> [PROBLEM REQUIREMENTS]:
Below are some records: retype them all exactly, but not the pictures.

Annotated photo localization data
━━━━━━━━━━━━━━━━━━━━
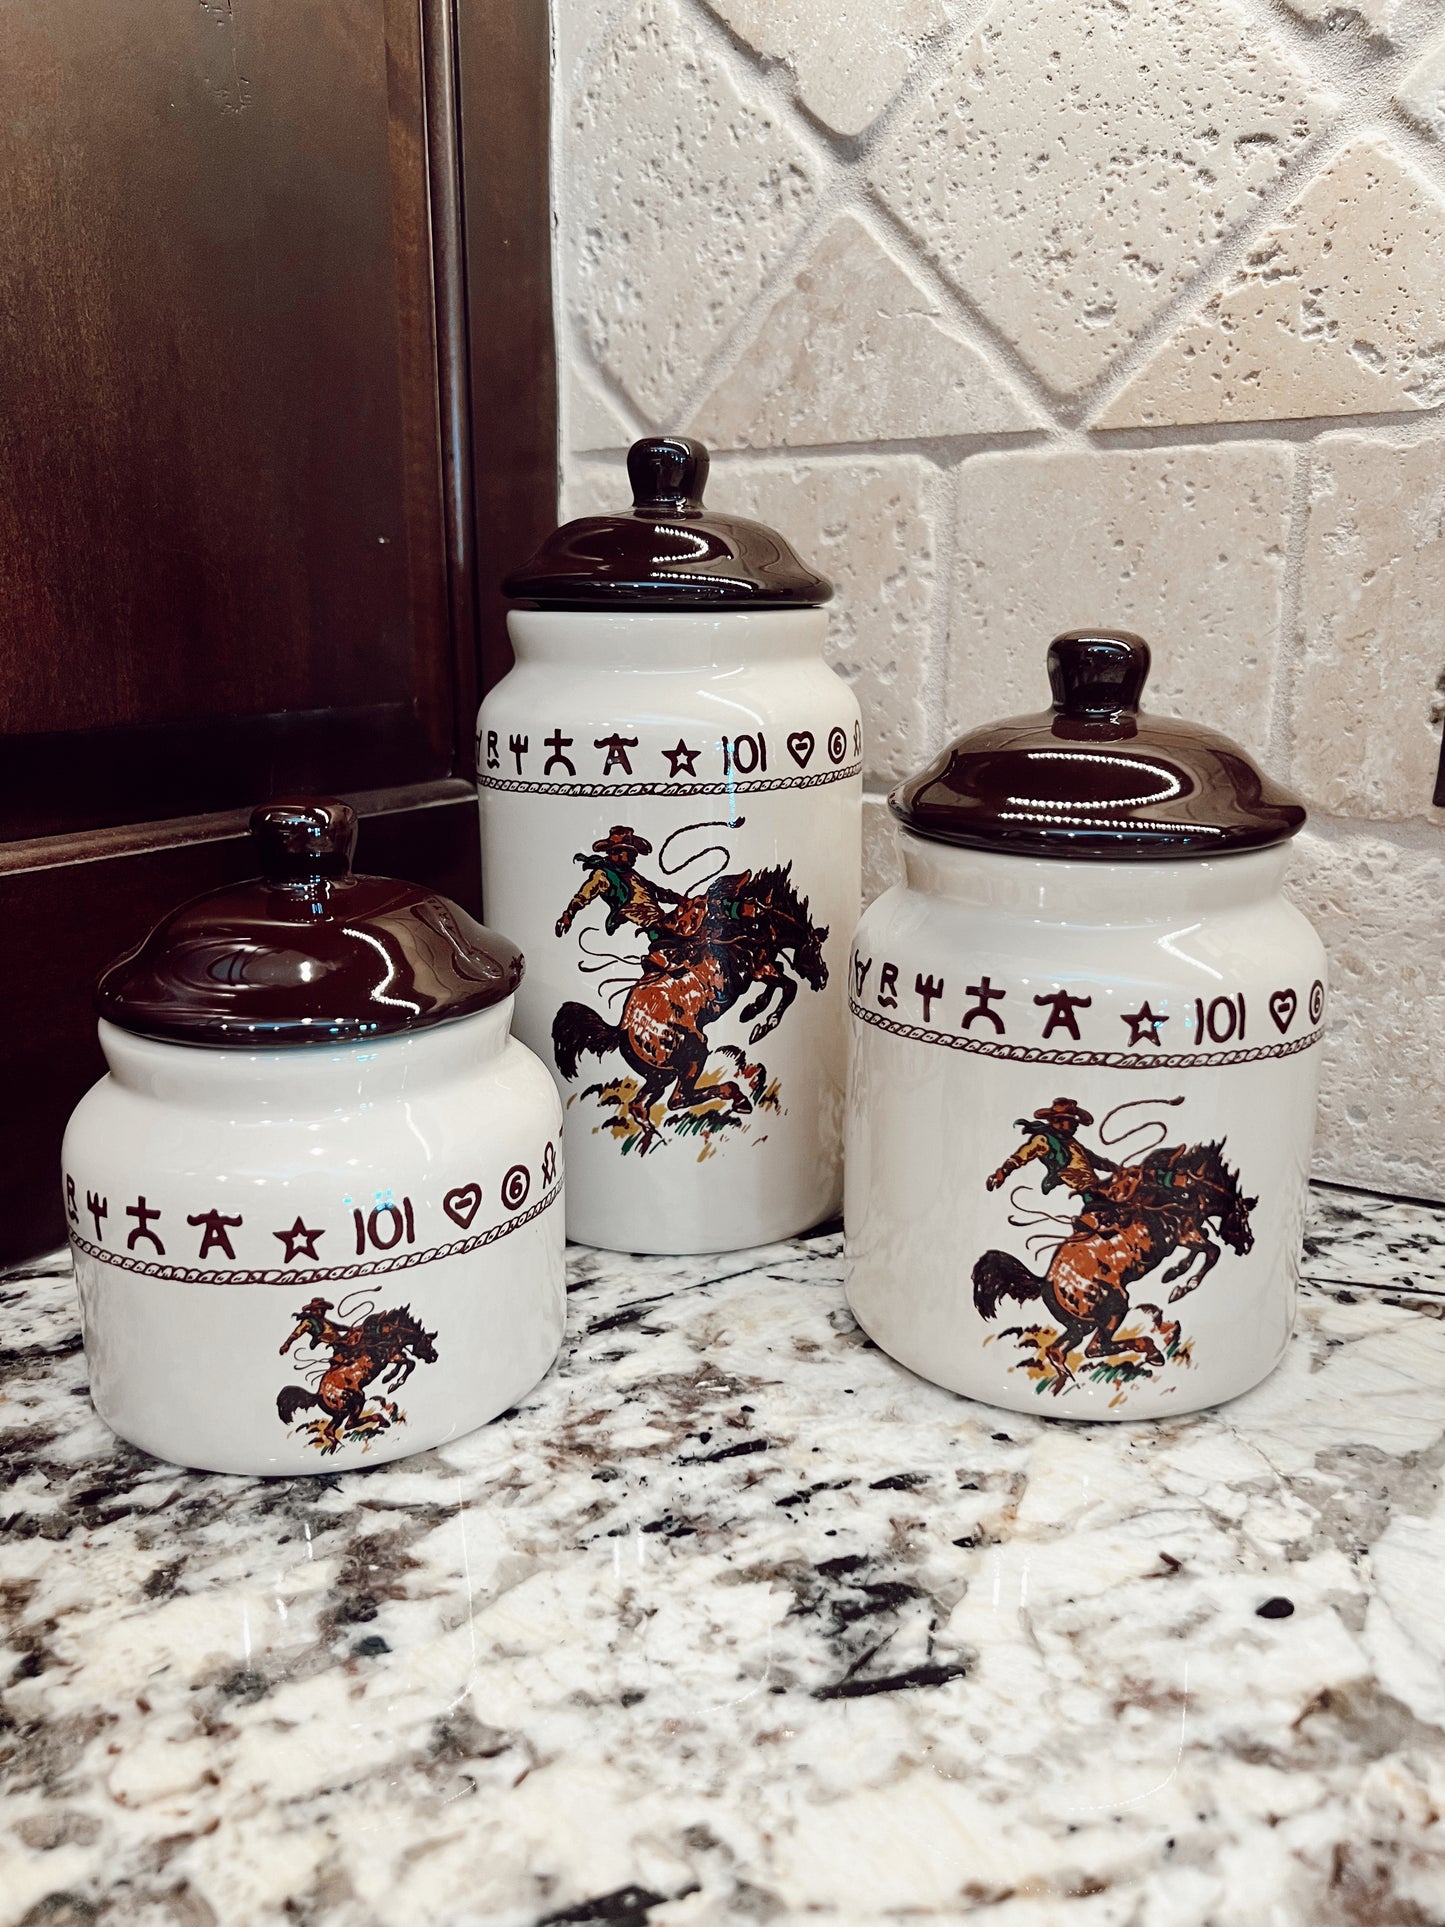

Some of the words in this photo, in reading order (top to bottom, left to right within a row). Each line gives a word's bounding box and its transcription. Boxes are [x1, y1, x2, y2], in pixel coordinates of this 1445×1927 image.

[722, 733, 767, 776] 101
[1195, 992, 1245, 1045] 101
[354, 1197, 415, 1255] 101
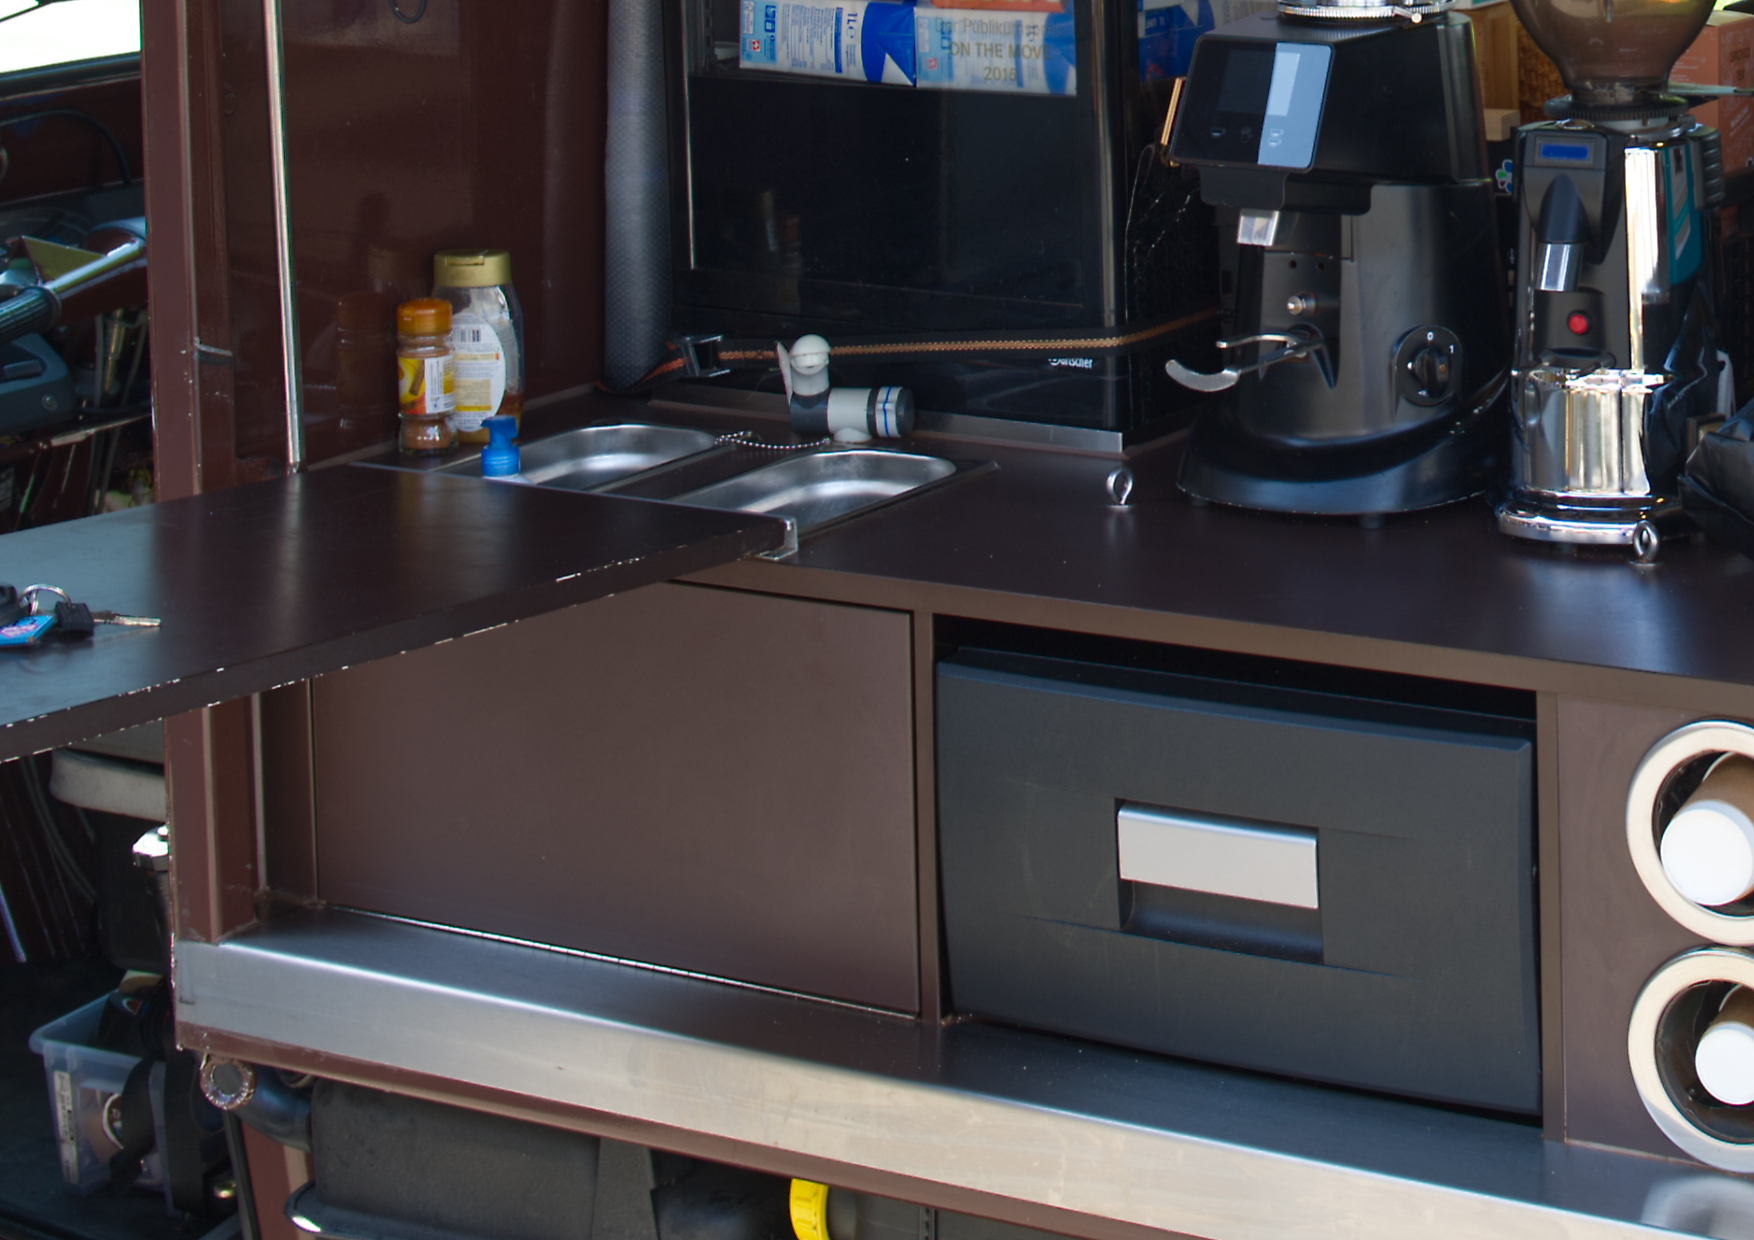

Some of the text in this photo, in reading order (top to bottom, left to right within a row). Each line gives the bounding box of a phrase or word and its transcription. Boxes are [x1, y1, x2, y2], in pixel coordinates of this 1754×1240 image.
━━━━━━━━━━━━━━━━━━━━
> [EXERCISE OUTPUT]:
Some of the words in this photo, in reading order (top to bottom, left to right within a row). Each line gives a word's bounding box and its transcription. Boxes are [x1, y1, x2, y2], in pixel coordinates of this 1445×1927 image.

[722, 733, 767, 776] 101
[1195, 992, 1245, 1045] 101
[354, 1197, 415, 1255] 101

Some of the text in this photo, in reading order (top to bottom, left to right within a row). Each line gives the bounding box of a phrase or word and its transcription. Boxes are [x1, y1, x2, y2], in pixel coordinates of this 1754×1240 image.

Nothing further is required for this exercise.